/ 29 July 2019

Biden to face clash over race in upcoming Democrat debate

Joe Biden.
Joe Biden. (Kevin Lamarque/Reuters)

 

 

Expect bare-knuckle political sparring when 2020 frontrunner Joe Biden battles his Democratic rivals this week, with challengers criticising him on racial issues and low-polling candidates seeking last-gasp breakouts for their sagging campaigns.

Twenty Democratic White House hopefuls will gather under the klieg lights for their party’s second nationally-televised debate, a two-night affair beginning on Tuesday in Detroit that is expected to bring more heat than the debut showdown last month.

“I’m not going to be as polite this time,” Biden told a fundraiser in Detroit on Wednesday, as the two most prominent African American candidates in the race — senators Kamala Harris and Cory Booker — signaled they will be seize the offensive against the former vice president.
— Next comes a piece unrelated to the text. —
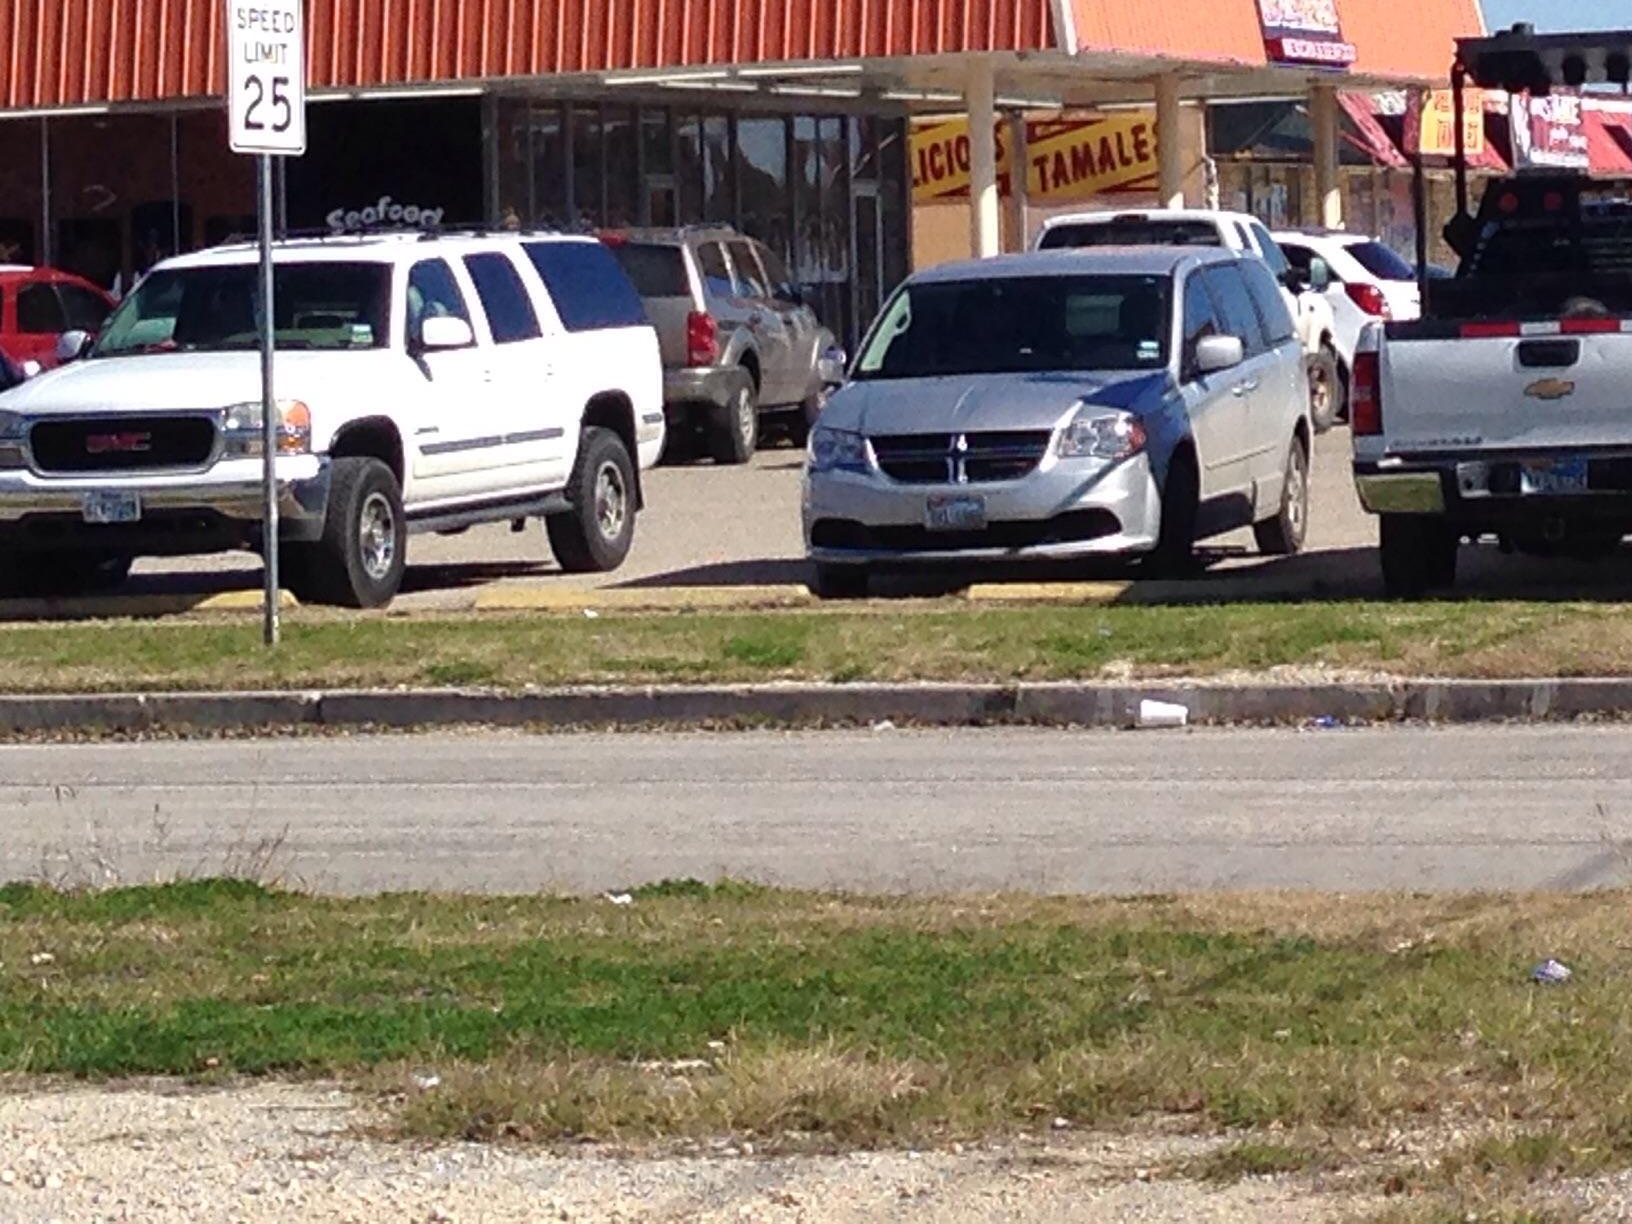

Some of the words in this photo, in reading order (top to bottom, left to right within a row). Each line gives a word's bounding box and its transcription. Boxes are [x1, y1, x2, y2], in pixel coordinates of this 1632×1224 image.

[237, 7, 295, 34] SPEED
[244, 41, 288, 64] LIMIT
[244, 74, 292, 133] 25
[326, 196, 444, 229] Seafood
Despite differences over how to go after Republican President Donald Trump, and recognition that issues such as the economy and health care should dominate campaign talk, the escalating conflict over race has emerged as perhaps the prominent issue of the moment ahead of the debate.

Trump himself has fueled the divisions, attacking ethnic minority lawmakers in tweets and campaign appearances that sparked fraught national deliberations about race relations in America.

With Biden the clear leader in Democratic polls — he has double the support of number two candidate Bernie Sanders — he is also the primary target.

He will face open confrontation about his record when he takes the stage on Wednesday for his rematch with Harris, which will also feature Booker.

Both have pointed to controversial positions in Biden’s past, including his work with segregationists in the US Senate and his opposition to federally mandated busing to desegregate schools.

“If they want to argue about the past, I can do that,” Biden said at the fundraiser. “I got a past I’m proud of. They got a past that’s not quite so good.”

Several candidates have prepared for the two-night clash by wooing black voters, a crucial Democratic demographic.

Harris, an ex-prosecutor who has been criticized for opposing some criminal justice reforms while attorney general of California, rolled out a $60 billion plan for black higher education.

Biden unveiled a criminal justice proposal, and Pete Buttigieg, an Indiana mayor in the second tier of candidates, recently presented a plan for what he calls “investment in the empowerment of black America.”

Biden, 76, has acknowledged he was ill-prepared to counter the brickbats against him in the opening debate.

Polls show many black voters are unmoved by the fracas with Biden, who enjoys good will from African Americans over his eight-year stint as Barack Obama’s loyal deputy.

A Monmouth University poll released Thursday shows Biden with 51 percent support among African Americans in early-voting South Carolina.

Booker, currently eighth in polling according to RealClearPolitics, sought to capture some of that support by noting Biden’s new criminal justice plan stands in contrast to the 1994 crime bill Biden helped draft.

Booker dubbed Biden an “architect of mass incarceration” for supporting that bill, and he told the National Urban League that a candidate gets “no great badge of courage” for calling Trump a racist today.

“The question is, what were you doing to address structural inequality and institutional racism throughout your life?”

Progressive standoff

Another key showdown on Tuesday will be between the race’s top progressives, Elizabeth Warren and Bernie Sanders.

Both are popular senators advocating for the Democratic Party’s more liberal policies.

Sanders and Warren are essentially tied for second in the race at 15 percent and 14.5 percent support respectively. They debated on different nights last month, so Tuesday’s face-off between them could draw fireworks.

Critics warn that progressives could make unforced errors by moving the party positions so far leftward ahead of the 2020 election. Trump is already blasting his Democratic rivals as “socialists.”

Moderate candidates like Senator Amy Klobuchar have expressed skepticism about the viability of Sanders’s “Medicare for All” universal health program and Warren’s plan for tuition-free college.

So has Biden, who has positioned himself as the chief protector of Obamacare, the health law Republicans have repeatedly sought to gut.

The debate will be the first since former special prosecutor Robert Mueller’s congressional testimony last week, which fell short of many Democrats’ expectations that he would dramatically boost the case for Trump’s impeachment.

More than half of the Democratic candidates support impeachment proceedings, and moderators may ask whether such action is more or less likely following Mueller’s underwhelming performance.